2

I have a df, sample data looks like below:

df

user    collaborators
A       {'first_name' : 'jack', 'last_name' : 'abc', 'id' : 'a12@email.com'}, {'first_name' : 'john', 'last_name' : 'pqr', 'id' : 'd23@email.com'}
B       {'first_name' : 'tom', 'last_name' : 'pwc', 'id' : 'd99@email.com'}
C       {'first_name' : 'jill', 'last_name' : 'def', 'id' : 'x45@email.com'}, {'first_name' : 'jill', 'last_name' : 'def', 'id' : 'x45@email.com'}

I need to get the first_name, last_name and id in individual columns. Expected Output:

enter image description here

I first tried to remove the square brackets using:

df['collaborators'].str.strip('{}')
df['collaborators'].str.replace('[{}]', '')
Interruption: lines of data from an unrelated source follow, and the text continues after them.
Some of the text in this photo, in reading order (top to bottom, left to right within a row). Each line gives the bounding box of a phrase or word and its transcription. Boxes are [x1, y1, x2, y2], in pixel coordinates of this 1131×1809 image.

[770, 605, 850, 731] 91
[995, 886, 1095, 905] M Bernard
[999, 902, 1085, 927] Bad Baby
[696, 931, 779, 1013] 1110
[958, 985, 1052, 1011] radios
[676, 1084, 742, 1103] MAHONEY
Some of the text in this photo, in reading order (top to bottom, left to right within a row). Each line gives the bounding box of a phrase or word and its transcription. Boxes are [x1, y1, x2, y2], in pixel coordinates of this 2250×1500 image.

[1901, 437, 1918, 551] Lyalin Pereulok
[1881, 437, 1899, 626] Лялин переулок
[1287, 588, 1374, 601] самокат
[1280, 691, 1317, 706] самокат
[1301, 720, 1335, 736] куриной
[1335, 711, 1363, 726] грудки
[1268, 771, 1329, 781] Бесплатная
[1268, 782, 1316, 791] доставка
But I got only NaN as the result, not sure why. I thought of exploding the column after converting it to a list and extracting first_name, last_name and id. But all this looks like lot of steps. Could someone please let me know if there's a shorter way.

Updated DF:

enter image description here

I used to_list to convert the three columns into list:

df['first_name'] = df['first_name'].to_list()
df['last_name'] = df['last_name'].to_list()
df['id'] = df['id'].to_list()

I then tried below code from SO:

 df.set_index('collaborators').apply(lambda x:
    x.apply(pd.Series).stack()).reset_index().drop('level_1', 1)
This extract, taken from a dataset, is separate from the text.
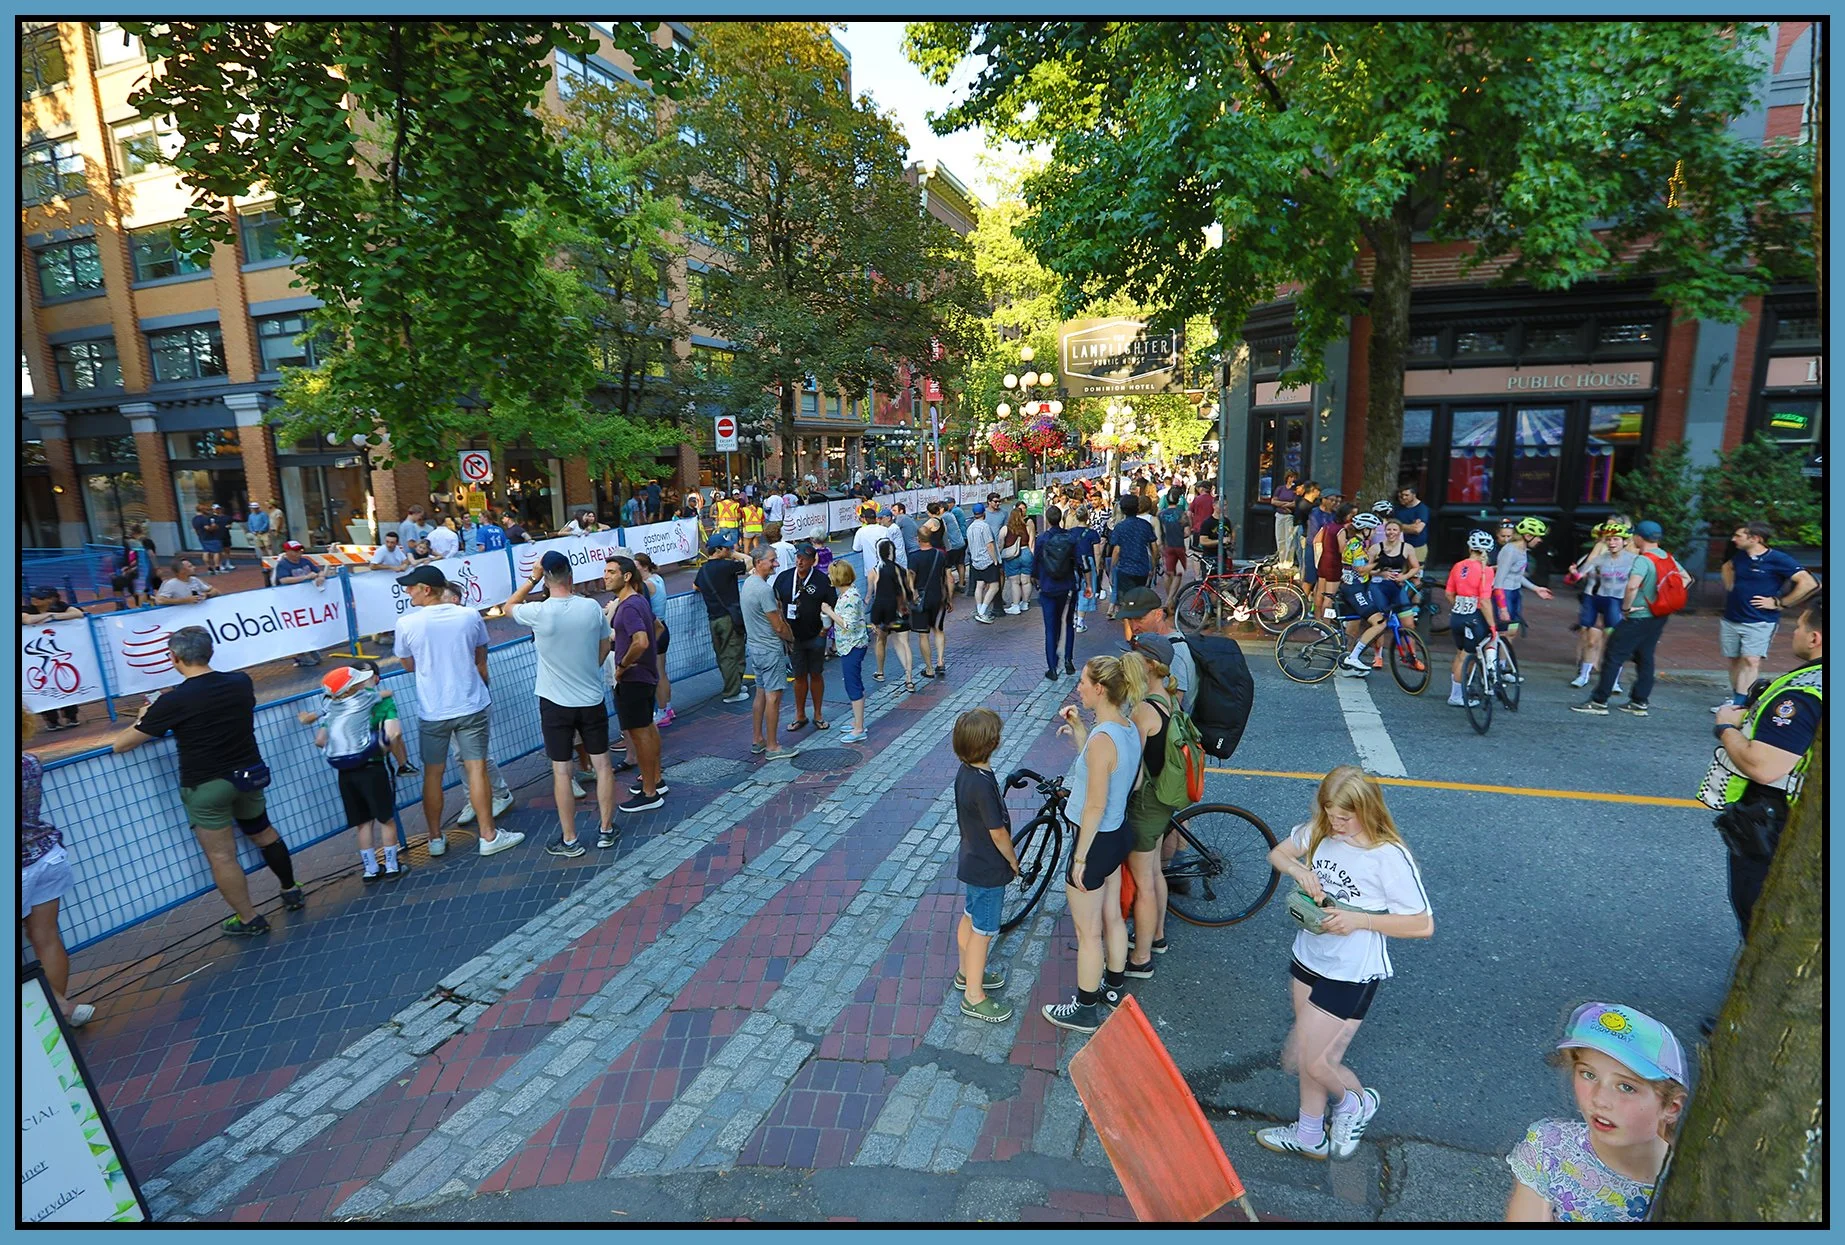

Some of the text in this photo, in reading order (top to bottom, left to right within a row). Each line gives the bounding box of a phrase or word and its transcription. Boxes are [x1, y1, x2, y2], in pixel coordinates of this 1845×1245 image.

But it didn't work for me.

Karthik S
  • 11,348
  • 2
  • 11
  • 25
  • have a look at pd.json_normalize() or df.explode() – Bendik Knapstad May 05 '22 at 07:55
  • https://stackoverflow.com/questions/46391291/how-to-convert-json-data-inside-a-pandas-column-into-new-columns?msclkid=a6deeed1cc4911ecbfbf8a32d7c734e2 – Kirk May 05 '22 at 08:04
  • What exactly is your data? Can you load it into pandas, apply `.values` on it and paste the output here? – Zero May 05 '22 at 08:13

2 Answers2

1

Use ast.literal_eval with add [] for lists of DataFrames, so possible use DataFrame.explode with json_normalize and last append to original with remove helper column new in DataFrame.pop:

import ast

df['new'] = df['collaborators'].apply(lambda x: ast.literal_eval('[' + x + ']'))

df1 = df.explode('new').reset_index(drop=True)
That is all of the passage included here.